— Task —
I would like the records restated word for word, without the pictures.
##### Information shown #####
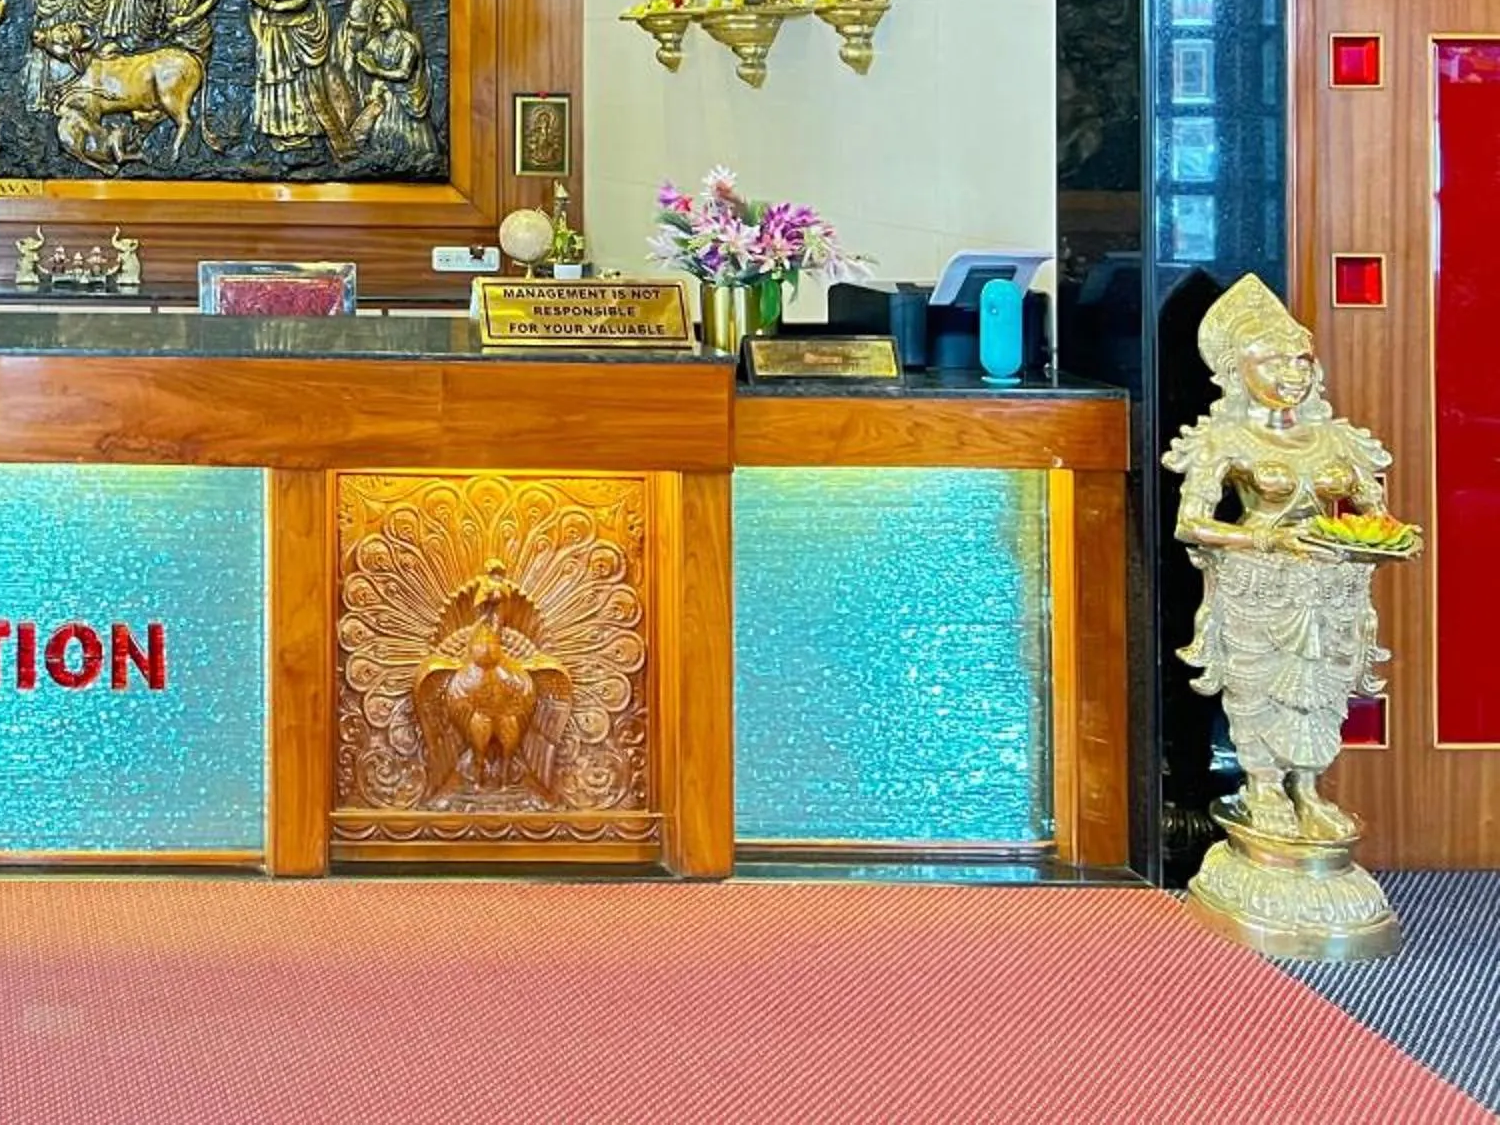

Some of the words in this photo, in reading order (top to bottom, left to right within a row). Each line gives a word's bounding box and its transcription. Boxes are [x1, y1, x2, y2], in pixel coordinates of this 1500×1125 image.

[503, 288, 607, 300] MANAGEMENT
[612, 289, 627, 300] IS
[632, 289, 661, 300] NOT
[533, 305, 636, 316] RESPONSIBLE
[509, 322, 539, 334] FOR
[544, 323, 584, 334] YOUR
[590, 323, 665, 335] VALUABLE
#####
— Completed task —
Some of the words in this photo, in reading order (top to bottom, left to right within a row). Each line gives a word's bounding box and its transcription. Boxes are [x1, y1, x2, y2], in pixel coordinates of this 1500×1125 image.

[503, 288, 607, 300] MANAGEMENT
[612, 289, 627, 300] IS
[632, 289, 661, 300] NOT
[533, 305, 636, 316] RESPONSIBLE
[509, 322, 539, 334] FOR
[544, 323, 584, 334] YOUR
[590, 323, 665, 335] VALUABLE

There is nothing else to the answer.